19 M(IS SOUR)I – MI = Michigan – the abbrev’s for the 8 “M” US states are devils to remember, as dorsetjimbo found yesterday. Of the following, I managed 5 or 6: MA Massachusetts, MD Maryland, ME Maine, MI Michigan, MN Minnesota, MO Missouri, MS Mississippi, MT Montana
22 FIELD HOSPITAL which I thought of early on, but then took ages to understand ‘back-to-front’ and write it in – the front is as in ‘All quiet on the Western Front”.
25 IN=admitted,DIA=aid=charity, rev. – ‘is of Eastern origin’ might be a bit of a stretch for the reversal, but a new clue to India must be tough to find.
26 BRILLIANT – (a)LL in Britain*
28 TEAS=eats*,HOP=bound
1 CO-MO – I guess if the name Lake Maggiore is 13A, it probably is the second biggest
2 bArRiStEr,NIC(k) – another great working together of the cryptic reading and surface
4 REGUL=luger rev.,ATE=took
6 REV(EILLE = Ellie rev.)S – to gun a car is to rev it.
7 T(OP=operation,S)IDE – tide (vb.) is ‘run like the tide’
8 PARA,MNESIA=ma(r)ines*
12 D(AND IF)YING – the key to my eventual cracking of the SW – thought of AND IF, but didn’t see the def., nor dying = last as in the football commentary cliché “the dying seconds”.
14 ROALD DAHL – had = nicked, rev., in dollar*. I don’t know whether nicked here is {nicked = stolen} or {nicked = arrested} but I can imagine that at least one of the two can equate to ‘had’.
18 S(L)ENDER – this should have been much quicker than it was – a case of a tough puzzle making an easy clue hard.
20 UN(c)LE,ASH
21 FORBID – initial letters of “first offence recorded but it doesn’t” – good disguise of what’s often a doddle clue-type, which meant that this was my last clue solved – a mighty kick-self moment.
23 TULSA = (as LUT(on)) rev. – Tulsa is in Oklahoma = OK.

34 comments on “23,764 – I thought I was supposed to be good at this?”

  1. Thanks God I didn’t have to analyse this one as my first attempt.
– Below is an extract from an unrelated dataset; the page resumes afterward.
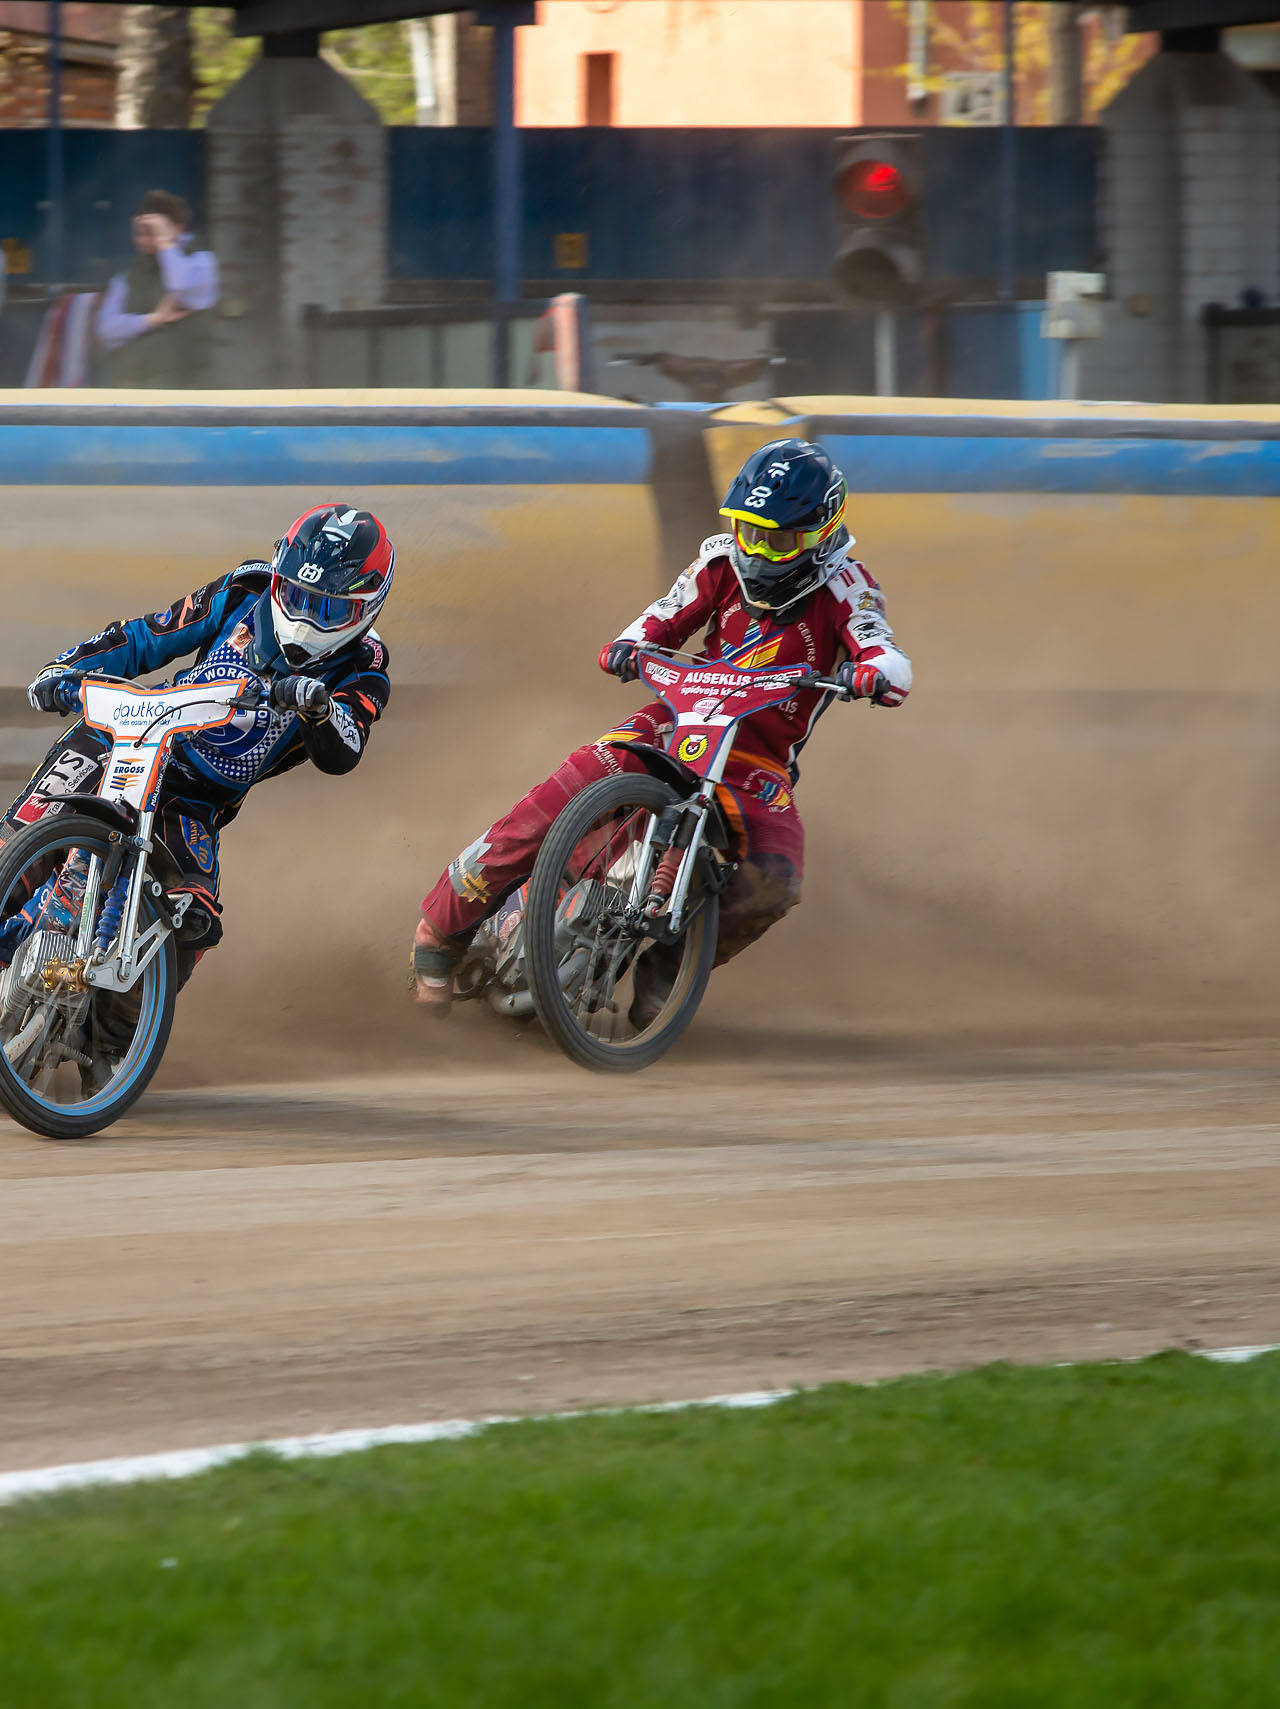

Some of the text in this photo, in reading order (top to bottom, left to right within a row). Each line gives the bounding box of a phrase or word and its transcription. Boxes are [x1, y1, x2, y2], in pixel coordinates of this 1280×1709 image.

[683, 671, 752, 687] AUSEKLIS
[68, 764, 94, 789] Services
[114, 766, 145, 774] ERGOSS
I polished off three-quarters of it in the hour it took me to get to work, but I had several unexplained amongst these. Couldn’t spend any more time on it so I used reference books to polish it off.

    In the end I was left with only one unexplained, 17A, which Peter has now covered.
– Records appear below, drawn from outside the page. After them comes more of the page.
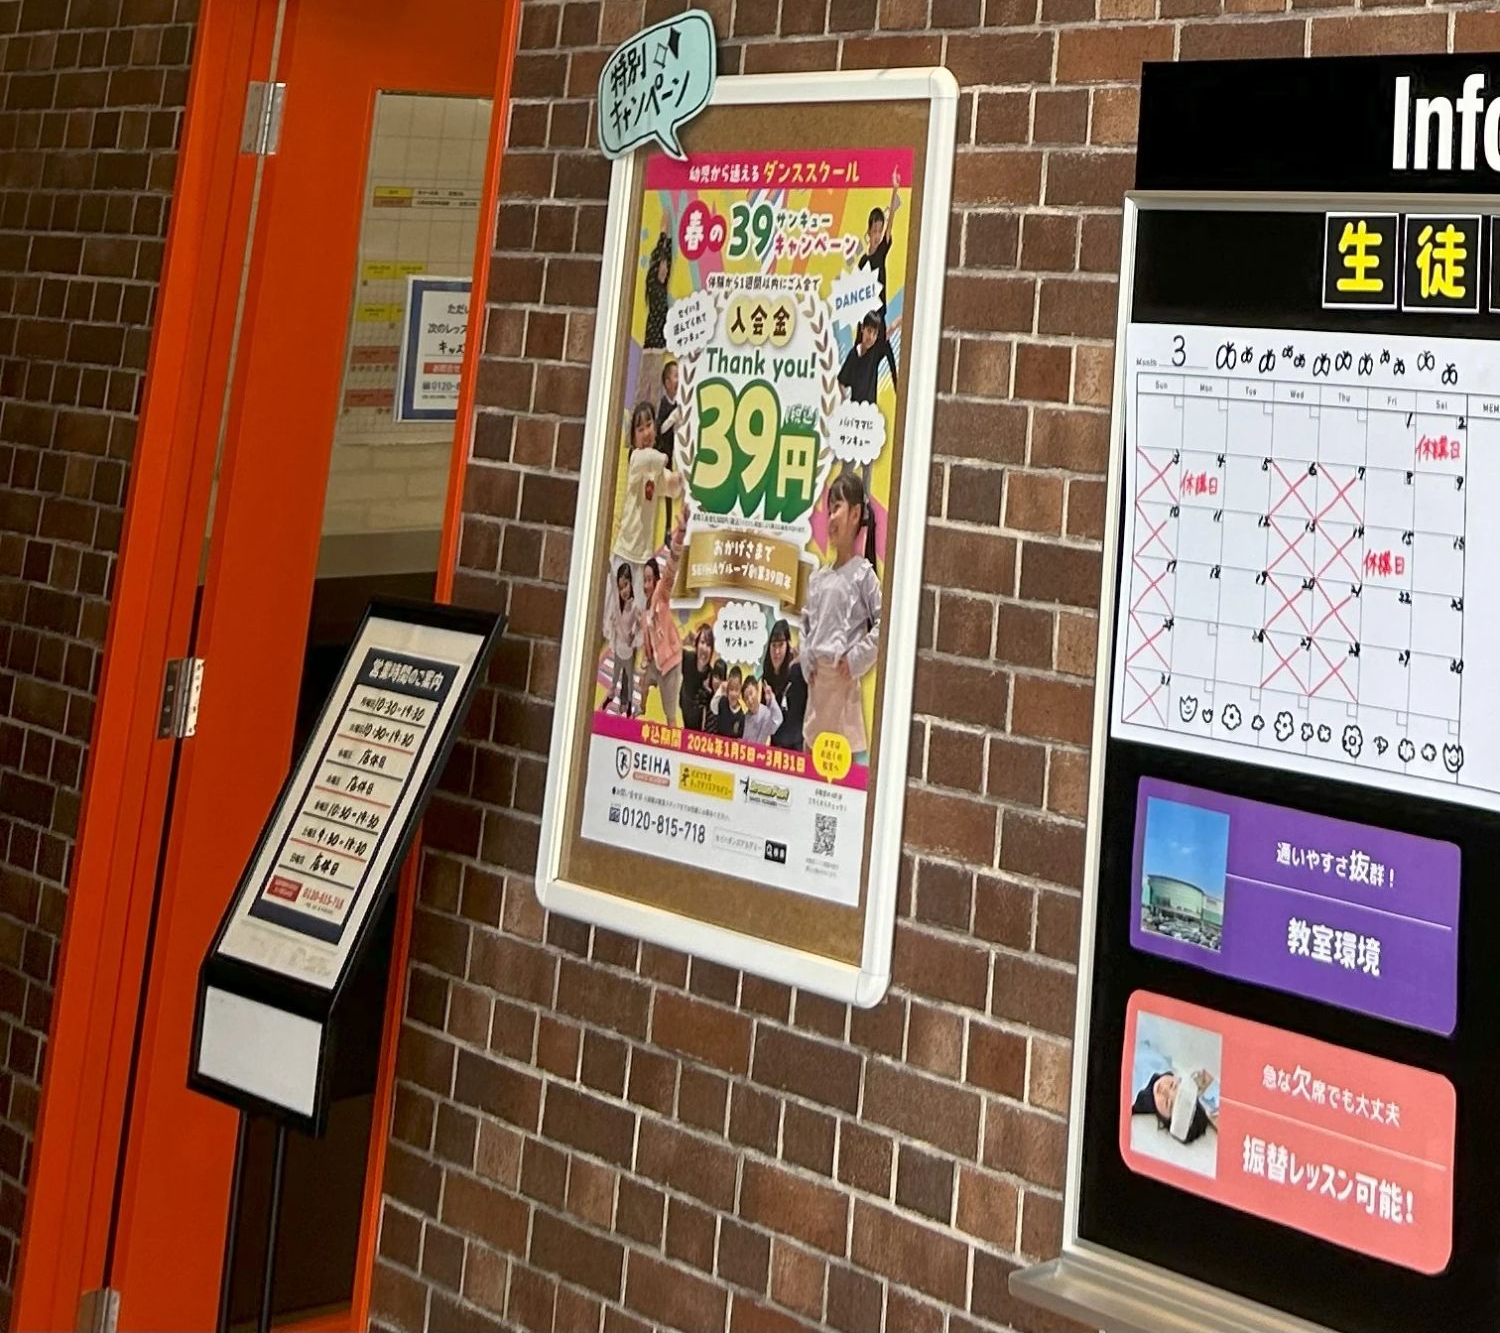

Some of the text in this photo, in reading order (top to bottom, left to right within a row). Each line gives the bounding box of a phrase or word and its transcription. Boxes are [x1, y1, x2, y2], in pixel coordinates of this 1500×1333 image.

[610, 42, 647, 99] 特別
[609, 70, 691, 141] キャンペーン
[762, 160, 860, 184] ダンススクール
[728, 204, 774, 258] 39
[773, 235, 858, 257] キャンペーン
[835, 284, 876, 311] DANCE!
[730, 304, 791, 337] 入会金
[706, 347, 817, 383] Thank you!
[1171, 334, 1187, 368] 3
[1457, 416, 1467, 431] 2
[632, 751, 672, 777] SEIHA
[621, 806, 706, 844] 0120-815-718
[1287, 916, 1382, 978] 教室環境
[1262, 1063, 1401, 1129] 急な欠席でも大丈夫
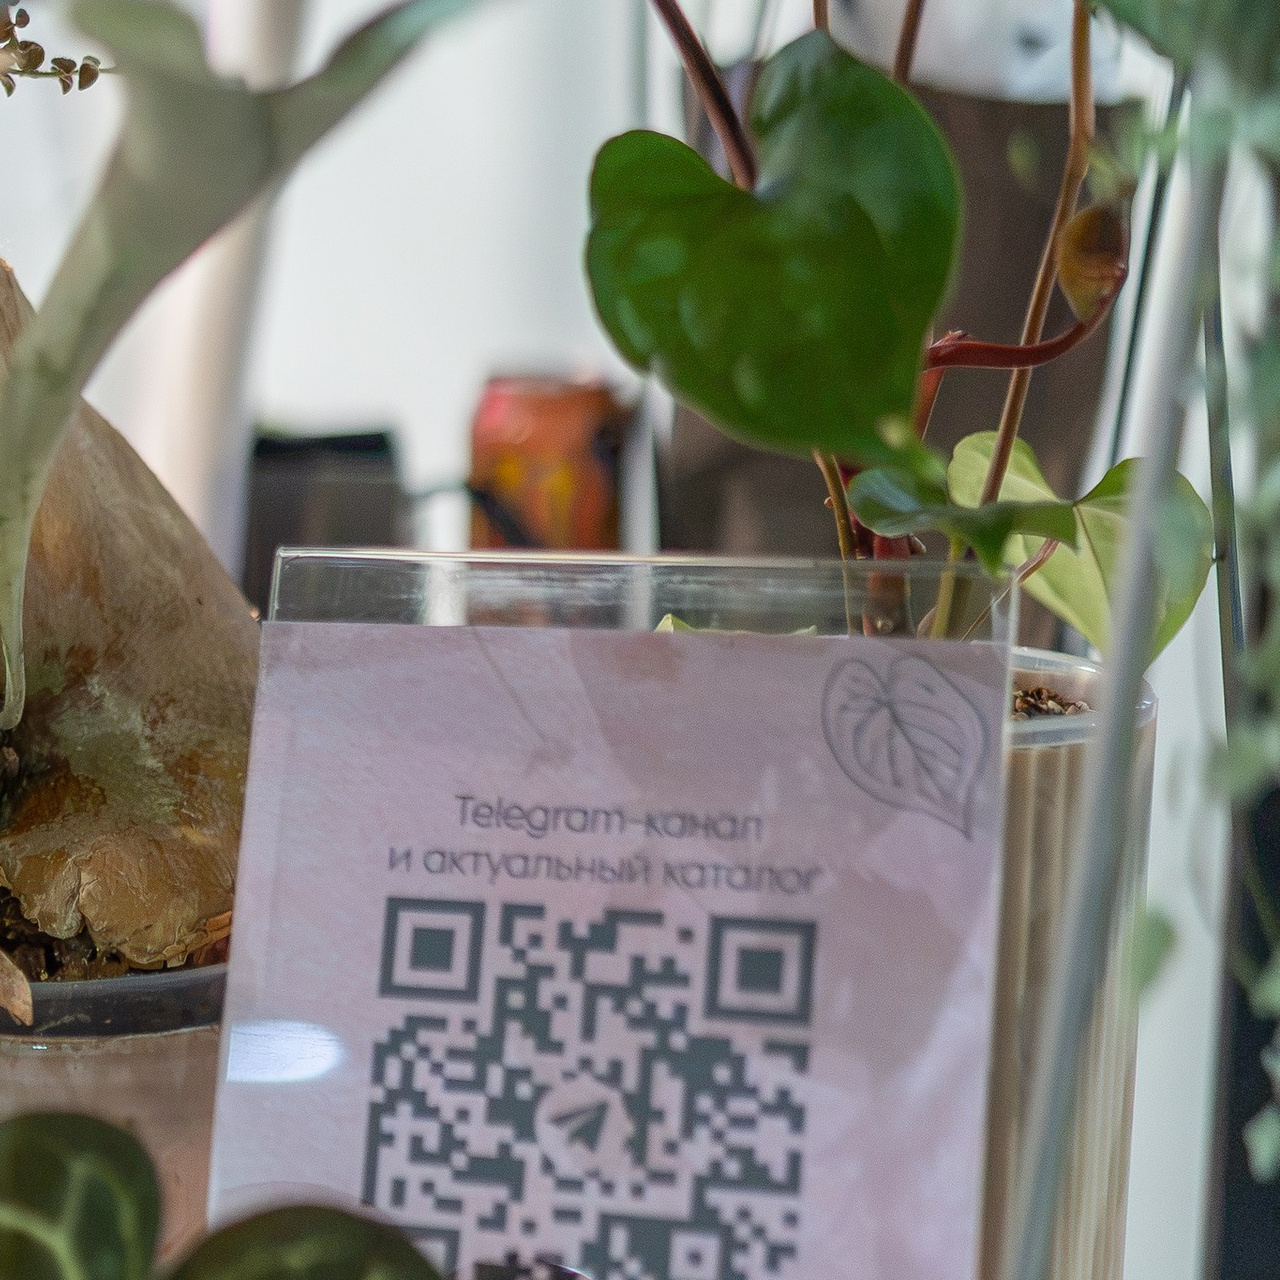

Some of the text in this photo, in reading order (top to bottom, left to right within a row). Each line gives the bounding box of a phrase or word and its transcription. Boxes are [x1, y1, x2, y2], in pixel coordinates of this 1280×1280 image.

[388, 847, 822, 896] и актуальный каталог
    It’s the sort of puzzle I enjoy a lot when I have nothing else to do or think about. Unfortunately not my position today.
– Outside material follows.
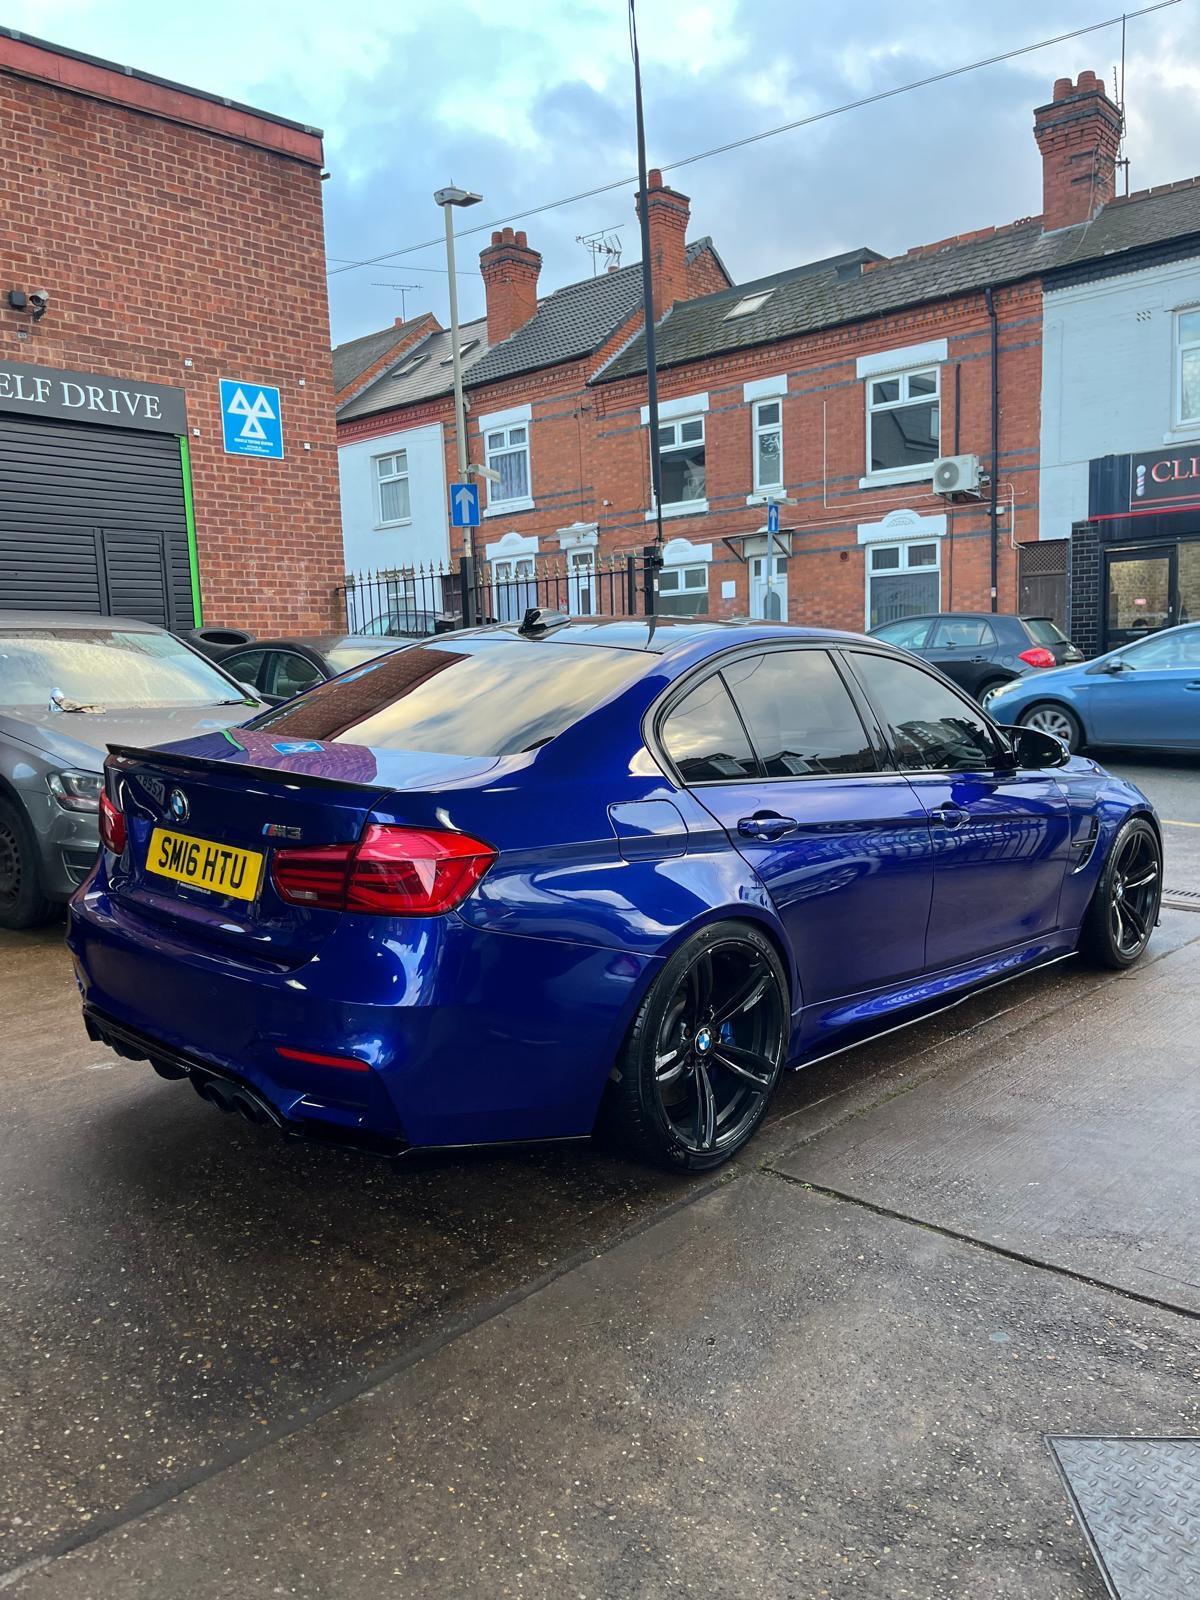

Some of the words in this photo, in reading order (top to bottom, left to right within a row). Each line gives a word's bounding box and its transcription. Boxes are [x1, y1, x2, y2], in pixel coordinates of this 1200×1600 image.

[59, 381, 162, 420] DRIVE
[266, 823, 302, 840] M3
[158, 836, 200, 877] SM16
[201, 847, 248, 890] HTU
    My COD goes to 5A for which I required the self-kicking boot when I eventually spotted W.I.

    1. I’ve just remembered I was going to query in what sense “co” means “equal”? I know “co-” as in working together, for example, but that doesn’t necessarily mean equally, does it?
      1. There is an ‘equal’ meaning of co- – e.g. in ‘coextend’ – to extend equally. It’s true that a co-pilot or co-driver is often the inferior partner.
  2. The first time in years that I’ve needed more than an hour to finish a puzzle. I reckon 1 hour 20 minutes in all, allowing for breaks. I was so pleased to read Peter’s comments! At 23 down I looked at T?L?A for goodness knows how long before I saw OK = Oklahoma (not my week for US States). I don’t think there’s a duff clue amongst them and in any other puzzle a great many of them would a COD. I’ll go for 1 across simply because it made me smile. Jimbo.
  3. No problem with the wordplay, but I have no idea what a clamper is. Dictionary is no help. Please enlighten me.
    It was an eternity before I was able to enter even one word in this very tough puzzle.
    1. Someone who puts a wheel clamp on your parked car or van. I don’t know what the dictionaries say but it made sense to me.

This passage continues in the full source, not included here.